Agência EFE
RIO - Os presos de pelo menos 80 dos 144 presídios de São Paulo suspenderam nesta quarta-feira suas atividades recreativas e de trabalho, se recusando a ir às audiências judiciais, aparentemente em protesto por causa de uma suposta repressão por parte das autoridades carcerárias.
A 'greve branca' declarada pelos presos foi confirmada hoje pela Secretaria de Administração Penitenciária do Estado de São Paulo, que esclareceu que não foram registrados incidentes, nem tentativas de rebelião.
"As 144 unidades carcerárias estão funcionando dentro das leis de segurança e disciplina', indicou uma nota divulgada hoje pela Secretaria sobre a greve.
São Paulo, com cerca de 132 mil presos e palco de recorrentes rebeliões e fugas, concentra mais da metade do total de presos do Brasil.

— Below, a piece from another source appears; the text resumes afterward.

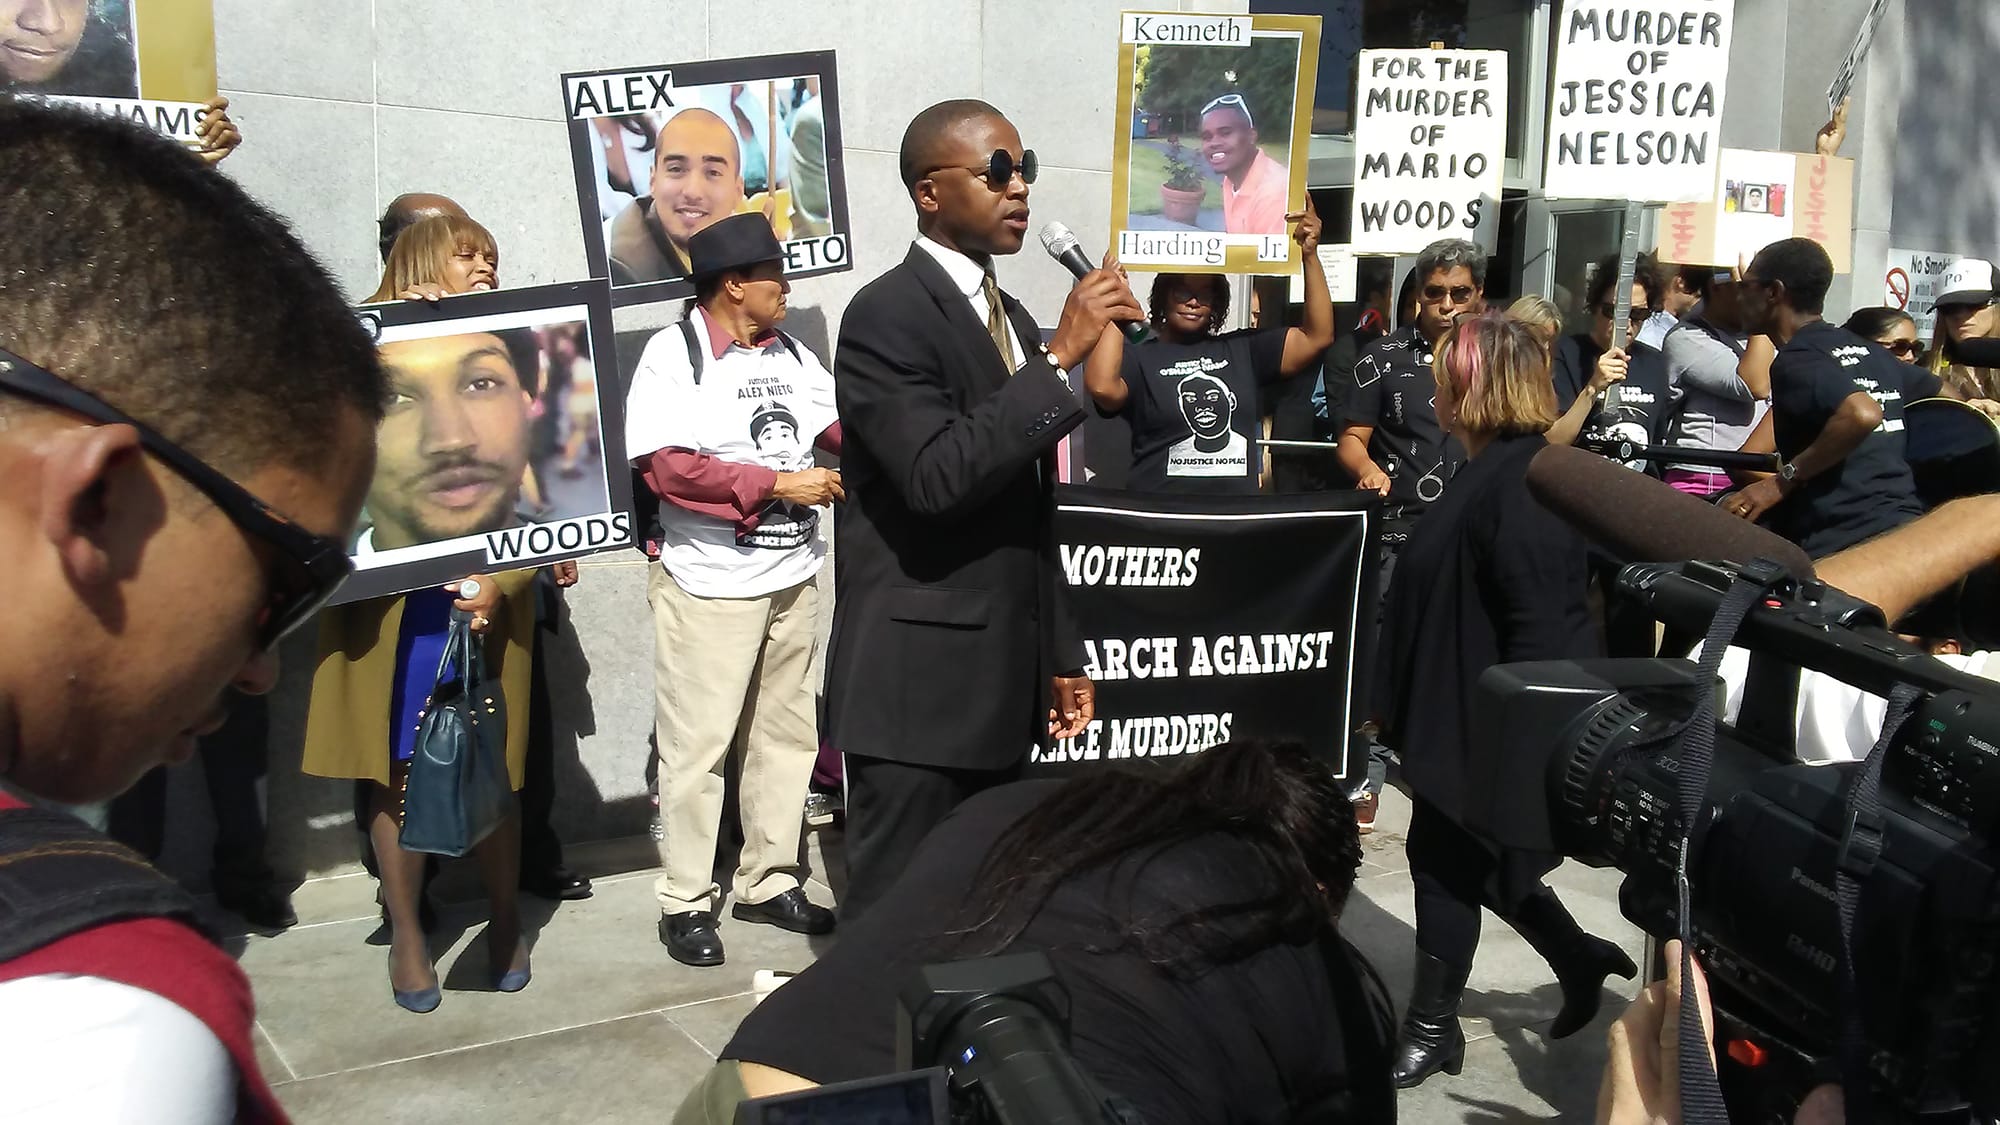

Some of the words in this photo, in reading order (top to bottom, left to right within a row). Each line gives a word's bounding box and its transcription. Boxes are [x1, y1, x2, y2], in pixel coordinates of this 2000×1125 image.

Além de se negar a participar de audiências judiciais, os presos das unidades em greve suspenderam seus trabalhos nas oficinas e as saídas aos pátios, e quase não aceitaram realizar trabalhos essenciais, como os de cozinha e lavanderia.
Apesar das autoridades carcerárias não terem esclarecido o motivo da greve, versões de imprensa atribuíram o fato a um protesto contra supostos abusos sofridos por presos da penitenciária de Presidente Venceslau, uma unidade de segurança máxima com um rígido regime disciplinar.
As mesmas versões indicam que a greve foi convocada pelos líderes do Primeiro Comando da Capital (PCC), que controla o tráfico de drogas na maioria dos presídios do Estado, e que mostrou ter poder para organizar motins simultâneos em até 80 prisões.
Na penitenciária de Presidente Venceslau estão 729 integrantes do PCC, que foi o responsável por três diferentes séries de ataques a policiais, bancos, ônibus e edifícios públicos em São Paulo no ano de 2006.
A greve supostamente foi convocada em 6 de fevereiro quando, após novos ataques a ônibus e carros policiais, as autoridades carcerárias suspenderam as visitas de familiares aos presos de Presidente Venceslau e puniram três presos que tiveram seus celulares apreendidos.
Os presos da unidade alegam que estão sofrendo uma 'opressão carcerária', e que estão sendo humilhados há vários meses.